Monday, June 16, 2008

And Then I Told Some Truth

If there is any substitute for love, it’s memory.
Joseph Brodsky

This is not the story I planned on telling. (But Carolyn Online inspired me.)

In the version I meant to tell, the growing up was like literature. There was Johnny Cash and oil paint, the Philippines and California, stretched canvases everywhere and Mexican tile to lie on in the sun. There was money but it wasn’t gaudy. It was old-school money: beat up Fords, cranky houses, everyday antiques, new ambition. We were big-boned and athletic, not debutante material, and the parents were proud of that. Our dining room table was gigantic, an epic table, and it was filled with curries and pork rolatini, gazpacho and beets: hippy food cooked by people who traveled the world. We hunkered down and shouted out answers to my father’s questions about, you name it: current events, geography, physics, religion, politics.

Then we moved. Home.

Salty neighbors shot off cannons at holidays or birthdays or just because.

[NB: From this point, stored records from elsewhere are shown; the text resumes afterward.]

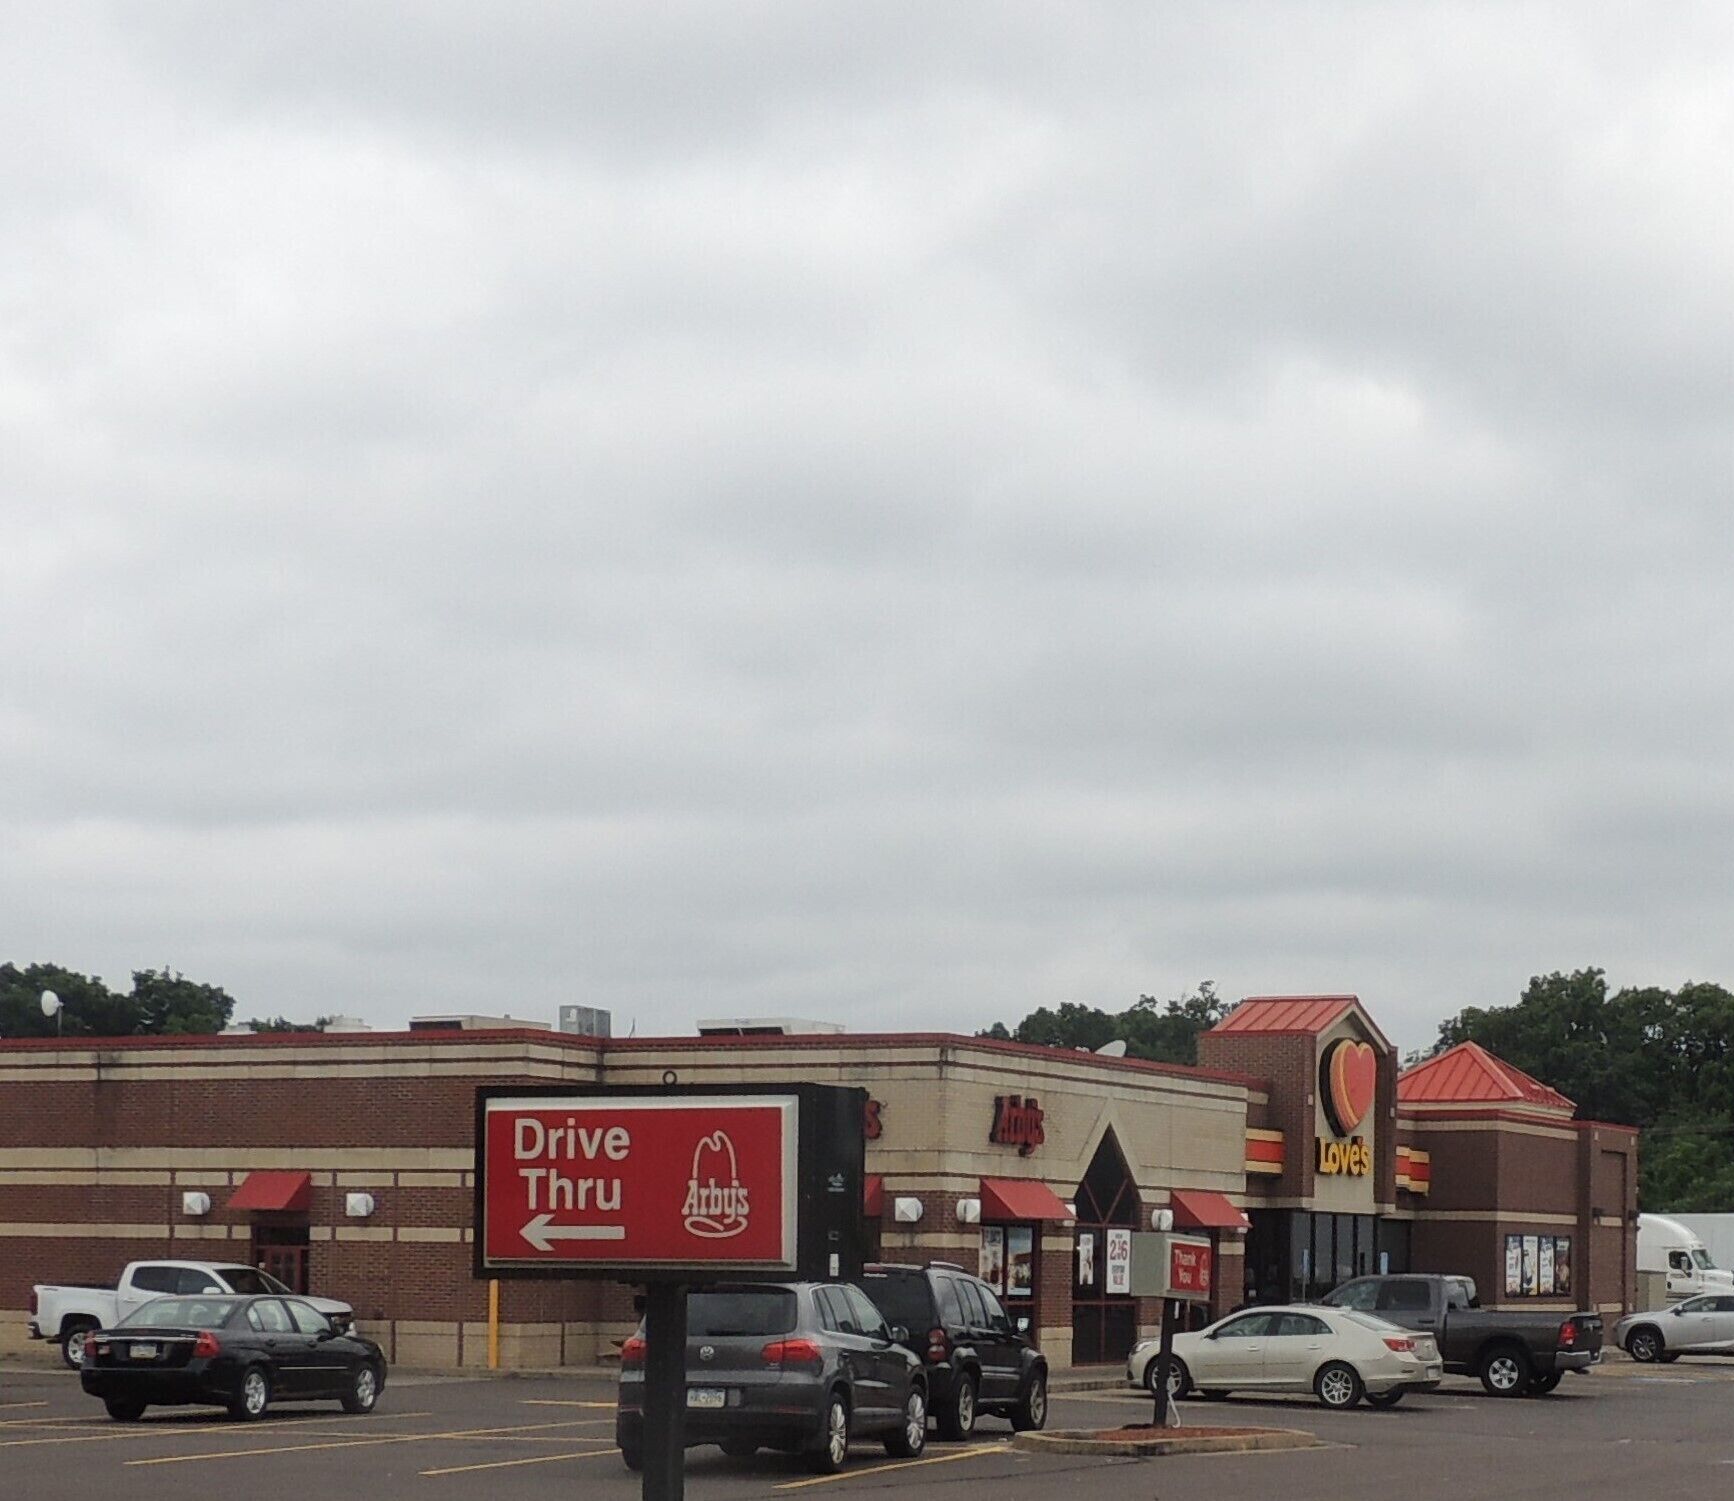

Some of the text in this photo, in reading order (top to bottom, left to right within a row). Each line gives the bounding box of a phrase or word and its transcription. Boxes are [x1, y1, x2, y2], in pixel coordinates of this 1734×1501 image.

[514, 1117, 631, 1161] Drive
[1315, 1135, 1370, 1176] Love's
[518, 1167, 622, 1211] Thru
[681, 1178, 749, 1224] Arby's
[1174, 1249, 1196, 1266] Thank
[1178, 1267, 1192, 1284] You
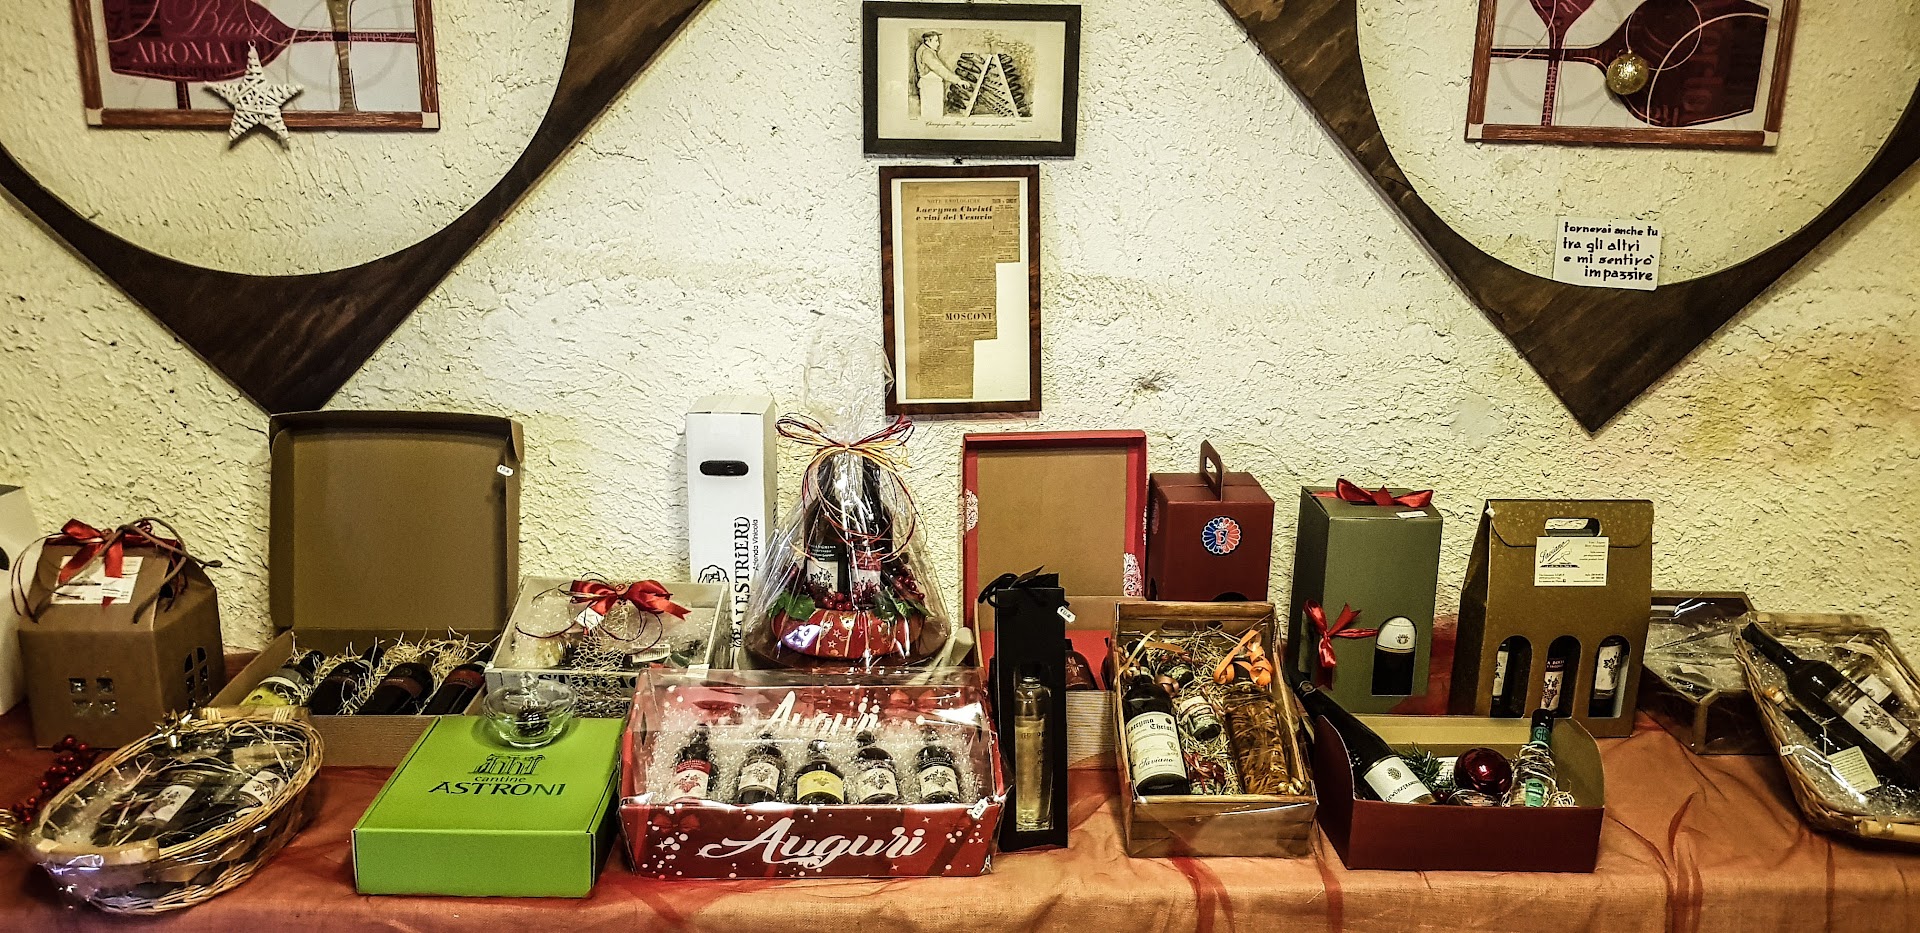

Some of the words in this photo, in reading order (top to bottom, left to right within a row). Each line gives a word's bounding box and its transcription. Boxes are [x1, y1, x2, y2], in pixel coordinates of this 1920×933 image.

Aunts and uncles arrived by boat with gin and tonics in old mayonnaise jars. Ghost stories were plentiful. Once when the house was split in half by rain – by that I mean, it was literally raining in the front yard and not in the back – our grandmother yanked out foul weather gear to put over our bathing suits and we switched back and forth between the clothes, running like crazy people between the two halves. We would stand one arm in, one leg out, half wet, half dry.

There was alcoholism but it was shushed until it caught up with us. There were secrets about mortgage loans and communists and there was furniture pettiness but that caught up with us too. Always lurking there was the truth, but my mother had a huge laugh, they danced together in the kitchen, he smoked cigars, and they never yelled.



It was good.

A memoir loads itself with facts of the heart and the head, and it never looks back: it is faithful in its telling. I don’t know that I can write a memoir. For me, the facts of my life have shifted and become, at best, just sanded down bits of maybe memory and maybe truth.

What I do know is that one day -- that one day being six months after I married the Stud -- my father, after a nothing fight about cigar smoking in the house, told my mother he was leaving. She said, “To the store?” He said, “No, forever.” A few years after that, he copped to an affair.

And that's when I knew that dullness reigns. Not everyday dullness like dishes and gutters, but that true tragedies are rare. Most of us come undone in regular ways. And for my family, even us, we all lived up to the statistics about divorce and adultery, death and cash flow, estate planning and drug addiction. I’ve read this story a hundred times.

But then....

One night in my living room, my father confessed again: to post-traumatic nightmares, scars from bullet holes, briefcases full of cash, and a bargain with the government of St. Croix. After that, that one night when my husband and I couldn’t even whisper in our bedrooms because our hearts were so loud and furious and chattering, the story became something else.

So, I think there are two ways to tell a story. And it’s not just the difference between a lie and a truth. I doubt there has been a good story ever told that was only about black and white. Ancient fights and heartbreaks and tragedies are by definition fuzzy and confused and awkward looking back.

As he tells it, my dad was optioned by the government, sanctioned by the state, and trained as a Bad Boy. It doesn’t mesh with my version of our lives, or my mother’s version. So what I knew, I don’t know: it’s my anti-memoir. And it has nothing to do with the truth. Maybe.

But, oh.my.God. I just wrote some of it down. Scary. And scared.

You love me still, anyway? Right? Right?

11commentsBrilliant Person Wrote...

Anonymous said...

Scary, scared and also sacred.

Memoir is very telling - it doesn't have to be how it was, it needs to be how true it is to you.

Keep writing. Your words are powerful.

Kristin @ Going Country said...

Right. And may I say, you truly have a gift with words.

Anonymous said...

Beautifully written. It makes me sit up and speak rudely to my computer screen, "There's more right!" I am longing to read the next installment. I think when we all get to tell our story because it's the vision of our world through our eyes with our own version of that reality. And no one else has the same memory of the same life. I can NOT wait to read more of yours.

Jen W said...

Wow! That truly is fascinating and I can't wait to hear more.

skimom said...

Now this is the kind of stuff that keeps me reading PPF. Writing the TRUTH about family is liberating and refreshing. Keep going...

Anonymous said...

Wow - you sure have made a lot of progress in just a few days! Seems like sharing that beautiful cover picture with friends made it very real for you. Not your average 70's coastal town family!

PS - That picture sure is a déjà vu!
There is a mini-me hanging on your wall!

Anonymous said...

Keep the truth comin', por favor.

Love the pic of the baby cooling off!

Lynsey said...

Of course! Great story, great pics!

Aimee said...

Well whatever the definition, I friggen want to read it and read more. Seriously this is damn good.

Anonymous said...

Duh. I maybe even love you a little more. Please write a memoir. I will be first in line to buy it! xo

PandaMom said...

Your writing has reached a whole new level of amazing. Keep going!